Diodorus Siculus
Bibliotheca historica,
V,26,1–3
1 Etwas Eigentümliches und Unerwartetes geschieht im größten Teil Galliens, das wir nicht unerwähnt lassen möchten. Denn aus der Richtung des sommerlichen Sonnenuntergangs und von den Nordwinden her pflegen Winde von solcher Heftigkeit und Gewalt zu wehen, dass sie vom Boden Steine von der Größe, wie man sie in der Hand halten kann, zusammen mit grobem Kiesstaub aufwirbeln; ja, allgemein gesprochen, wenn diese Winde heftig toben, reißen sie den Männern die Waffen aus den Händen, die Kleidung vom Rücken und werfen Reiter von ihren Pferden.
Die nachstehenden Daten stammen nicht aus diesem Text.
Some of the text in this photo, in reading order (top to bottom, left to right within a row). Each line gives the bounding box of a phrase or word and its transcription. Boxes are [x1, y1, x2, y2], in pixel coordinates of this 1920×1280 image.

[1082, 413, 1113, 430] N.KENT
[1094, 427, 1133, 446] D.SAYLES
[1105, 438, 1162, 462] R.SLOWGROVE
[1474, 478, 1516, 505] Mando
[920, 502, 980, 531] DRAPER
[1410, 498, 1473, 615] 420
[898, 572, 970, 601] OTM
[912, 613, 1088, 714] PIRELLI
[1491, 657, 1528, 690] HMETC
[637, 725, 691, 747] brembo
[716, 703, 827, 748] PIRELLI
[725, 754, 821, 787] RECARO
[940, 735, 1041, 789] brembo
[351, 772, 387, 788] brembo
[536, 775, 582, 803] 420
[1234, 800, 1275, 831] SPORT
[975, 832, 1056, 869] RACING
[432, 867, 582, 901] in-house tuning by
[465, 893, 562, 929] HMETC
2 Da durch die übermäßige Kälte die Milde des Klimas aufgehoben ist, bringt das Land weder Wein noch Öl hervor. Daher bereiten jene Gallier, denen diese Erzeugnisse fehlen, ein Getränk aus Gerste, das sie zythos (Bier) nennen, und sie trinken auch das Wasser, mit dem sie ihre Honigwaben reinigen.
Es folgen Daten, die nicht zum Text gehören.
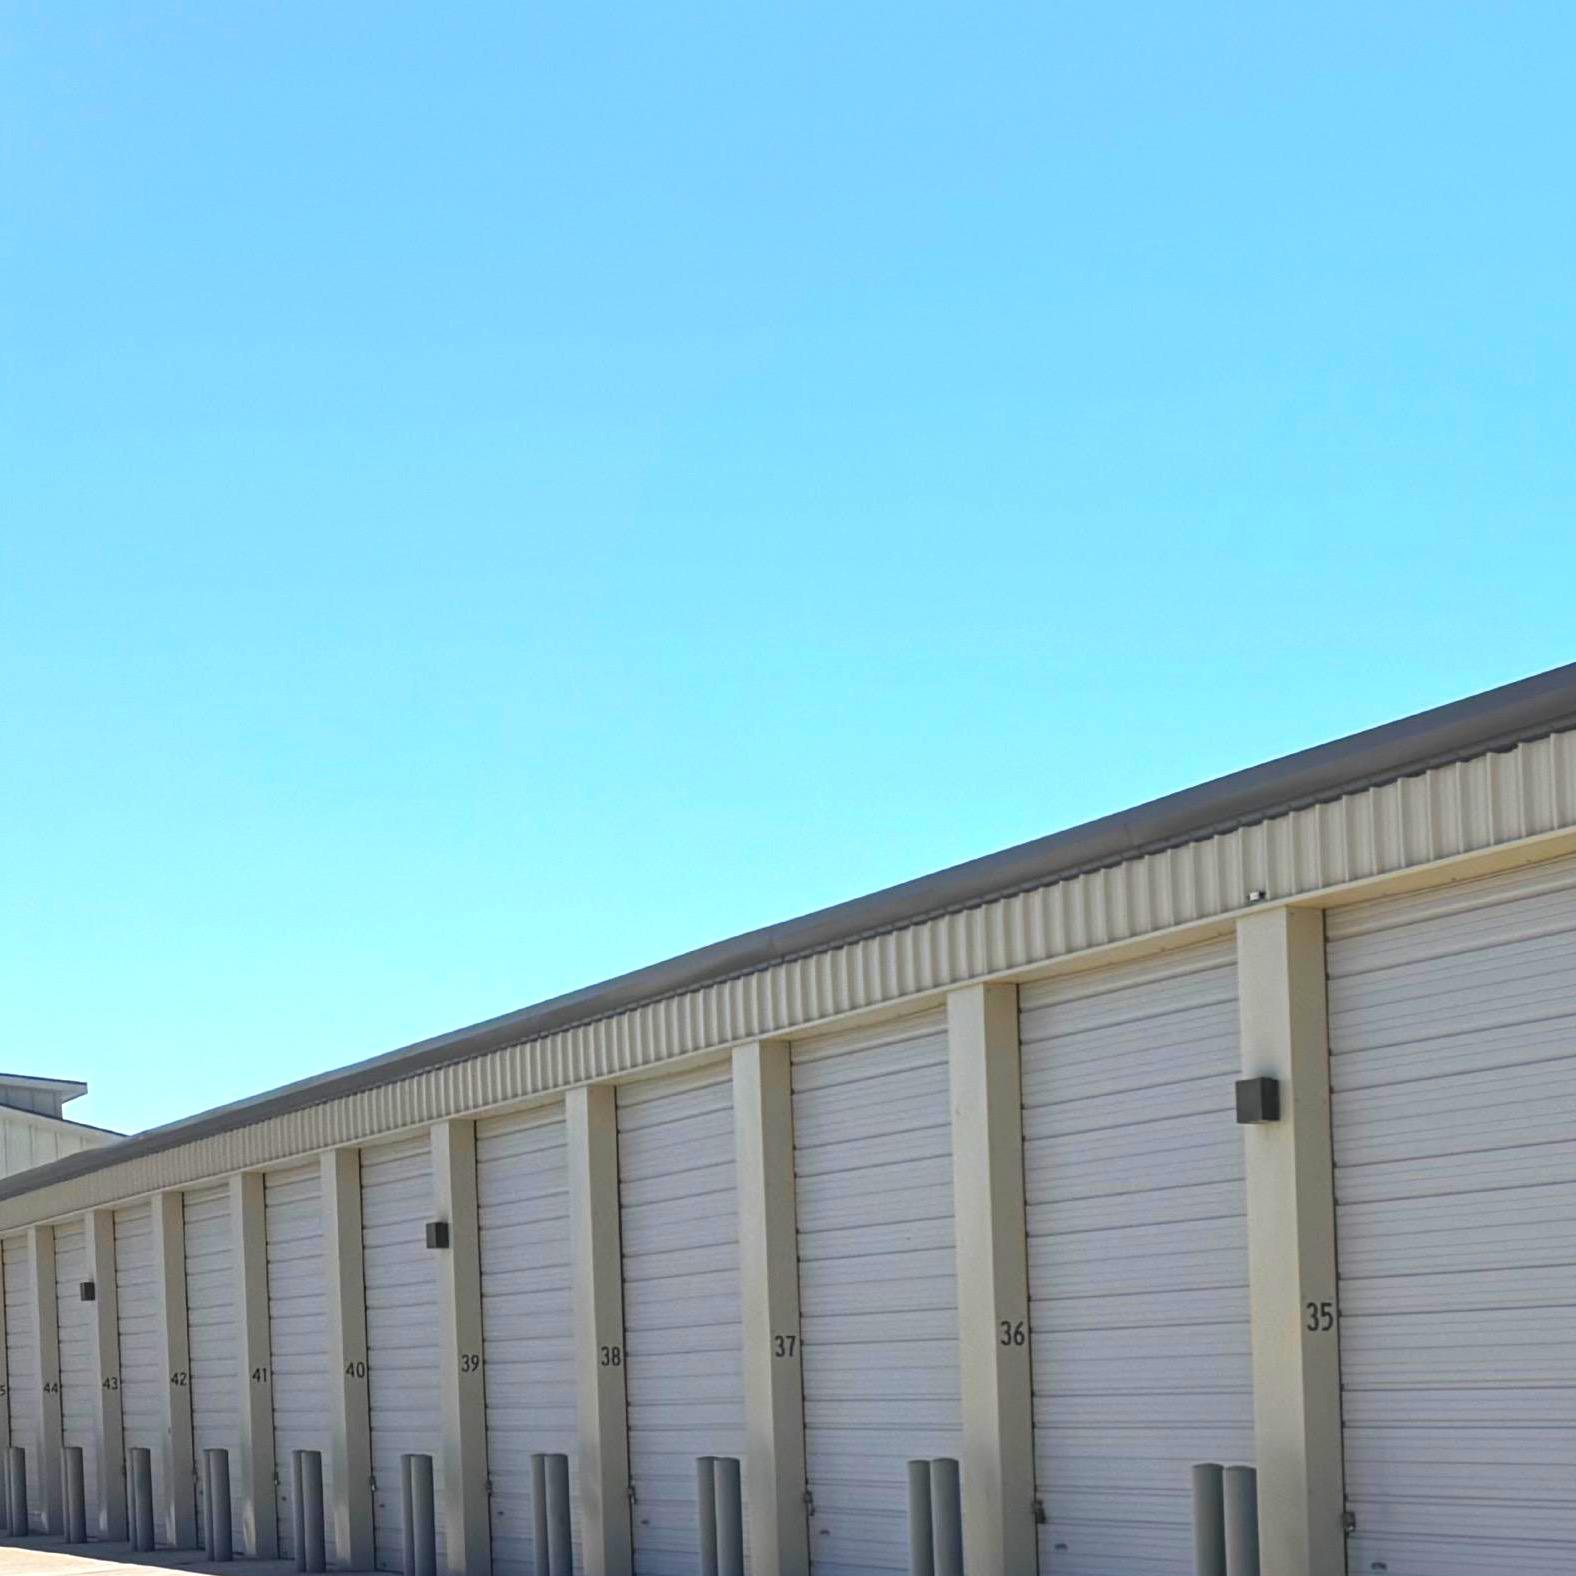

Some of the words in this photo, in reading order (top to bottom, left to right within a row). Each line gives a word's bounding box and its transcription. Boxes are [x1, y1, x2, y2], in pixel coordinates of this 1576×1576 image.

[1306, 1302, 1333, 1332] 35
[1000, 1321, 1026, 1347] 36
[600, 1345, 622, 1367] 38
[775, 1335, 797, 1359] 37
[345, 1361, 366, 1379] 40
[461, 1353, 481, 1373] 39
[102, 1377, 119, 1391] 43
[171, 1372, 188, 1386] 42
[252, 1366, 269, 1383] 41
[43, 1383, 59, 1396] 44
3 Die Gallier sind außerordentlich dem Weingenuss ergeben und trinken den Wein, der von Händlern in ihr Land gebracht wird, ungemischt. Da sie diesem Getränk aus Begierde maßlos zusprechen, fallen sie, wenn sie betrunken sind, entweder in Betäubung oder in einen Zustand der Raserei. Deshalb halten viele italische Kaufleute – von der ihnen eigenen Gewinnsucht getrieben – die Weinliebe dieser Gallier für einen wahren Glücksfall. Denn sie transportieren den Wein auf schiffbaren Flüssen mit Booten und über das ebene Land mit Wagen und erzielen dafür einen unglaublichen Preis: Für ein Gefäß Wein erhalten sie einen Sklaven – sie bekommen also für ein Getränk einen Diener.